Rachel Kyte's picture

Let’s start by cleaning up what we mean by clean technology. The definition used at IFC/EMPEA Private Equity Conference yesterday, was that it optimizes the use of natural resources, while reducing ecological impact and adding economic value by significantly lowering cost and improving profitability. I think this works well as a definition. So in emerging markets today, clean tech offers innovations and opportunities that make commercial sense without any regulatory support and despite the subsidies baked into natural resource prices. Efficient use of any resource brings returns to the bottom line.

In emerging markets some clean tech innovations from the developed world will do well, some will not - they will be too expensive.

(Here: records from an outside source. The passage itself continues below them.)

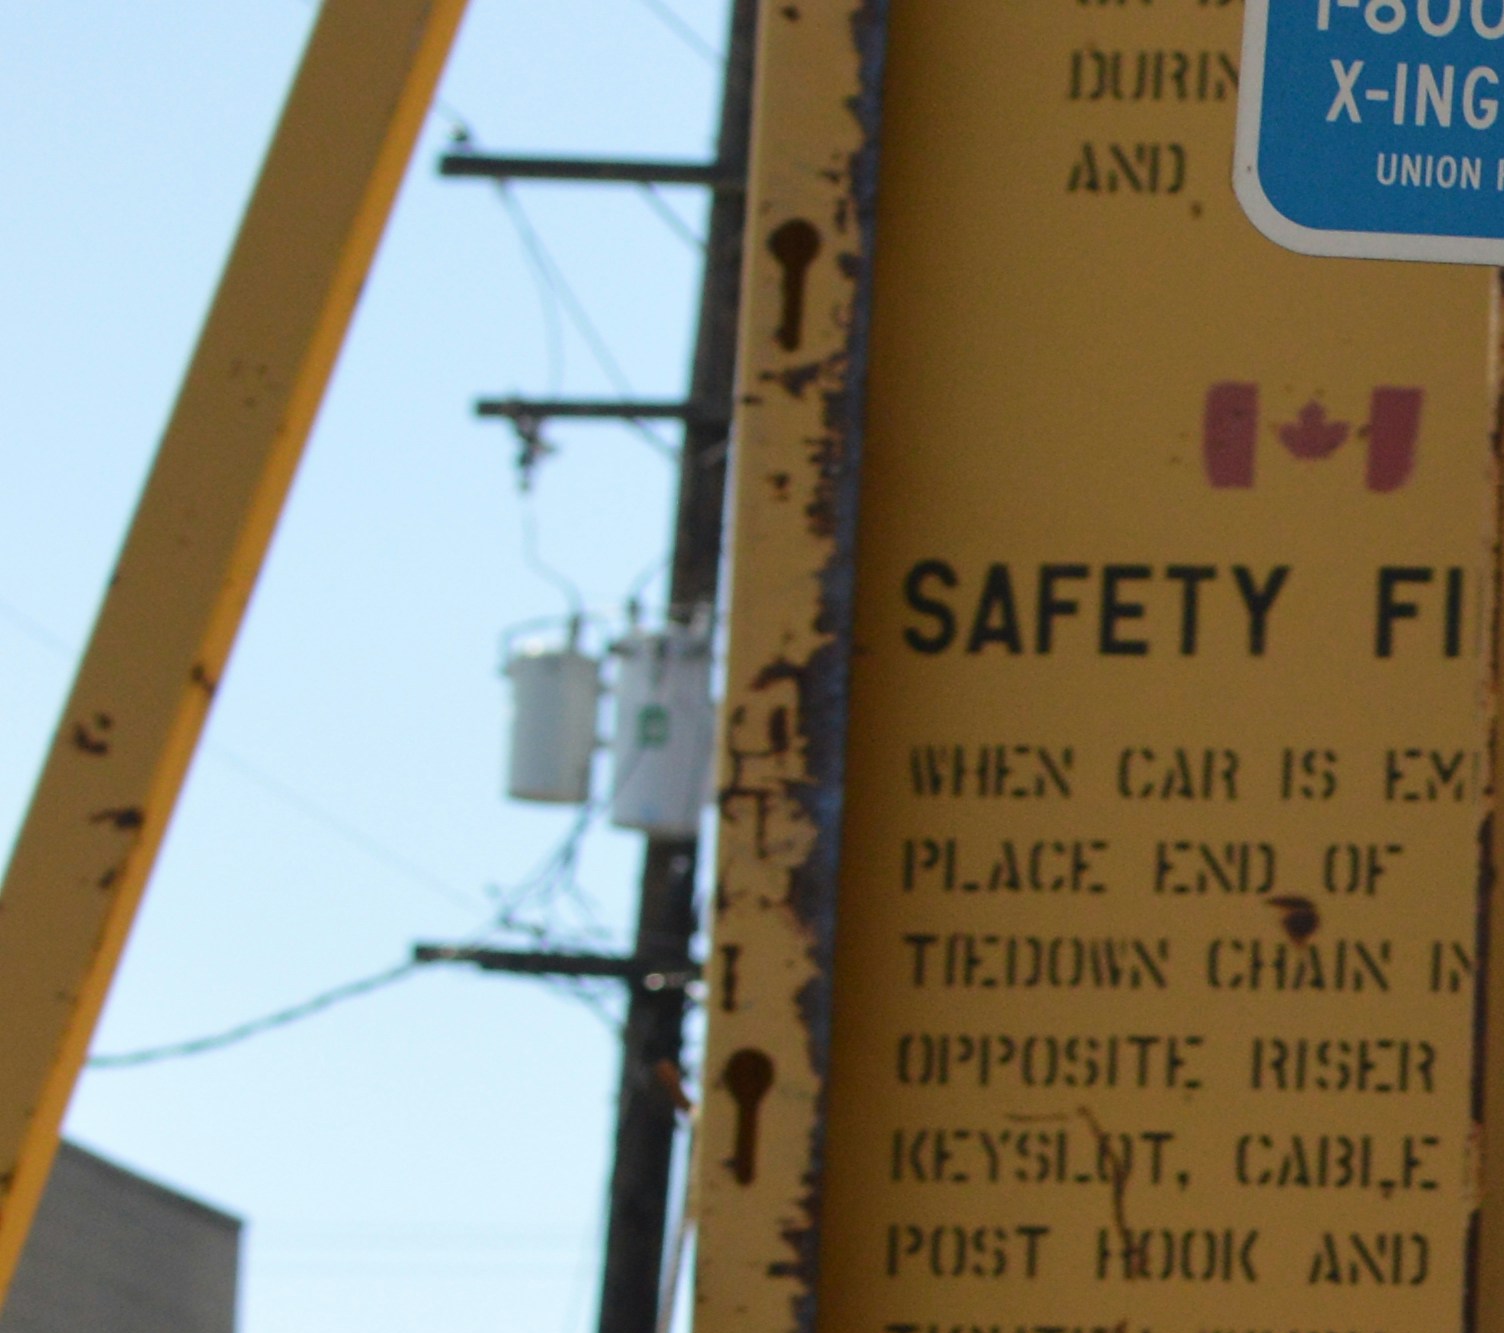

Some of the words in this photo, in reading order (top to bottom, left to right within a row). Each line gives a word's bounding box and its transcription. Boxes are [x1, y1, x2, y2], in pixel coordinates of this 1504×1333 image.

[1325, 59, 1499, 130] X-ING
[1067, 142, 1186, 195] AND
[1376, 152, 1482, 190] UNION
[896, 557, 1289, 658] SAFETY
[1375, 566, 1464, 659] FI
[904, 743, 1073, 799] WHEN
[1117, 747, 1239, 801] CAR
[1281, 748, 1337, 800] IS
[897, 835, 1107, 897] PLACE
[1153, 840, 1276, 895] END
[1323, 844, 1403, 896] OF
[899, 929, 1168, 990] TIEDOWN
[1207, 935, 1391, 992] CHAIN
[1430, 941, 1477, 995] IN
[892, 1029, 1204, 1093] OPPOSITE
[1251, 1038, 1436, 1094] RISER
[1235, 1134, 1440, 1193] CABLE
[881, 1221, 1050, 1281] POST
[1096, 1223, 1259, 1283] HOOK
[1308, 1232, 1430, 1287] AND

But even more will be home grown and there will be growing opportunities for south-south and south-north technology transfer. Don Ye of the China Environment Fund has spoken compellingly on this and has had enormous success in this area. Clean tech then is not necessarily high tech.

The power challenge for developing countries is to increase the efficiency of available energy when large sections of the population remain unserved. Providing power to the bottom of the pyramid will unleash the trapped economic activity of the poor and will create markets for the energy efficiency sector itself. Solar power lighting systems for villages or, even at the household level, a solar lantern will help improve education levels and quality of life. Watch IFC's website for announcements on a new wave of energy efficiency housing and utility finance in the coming weeks.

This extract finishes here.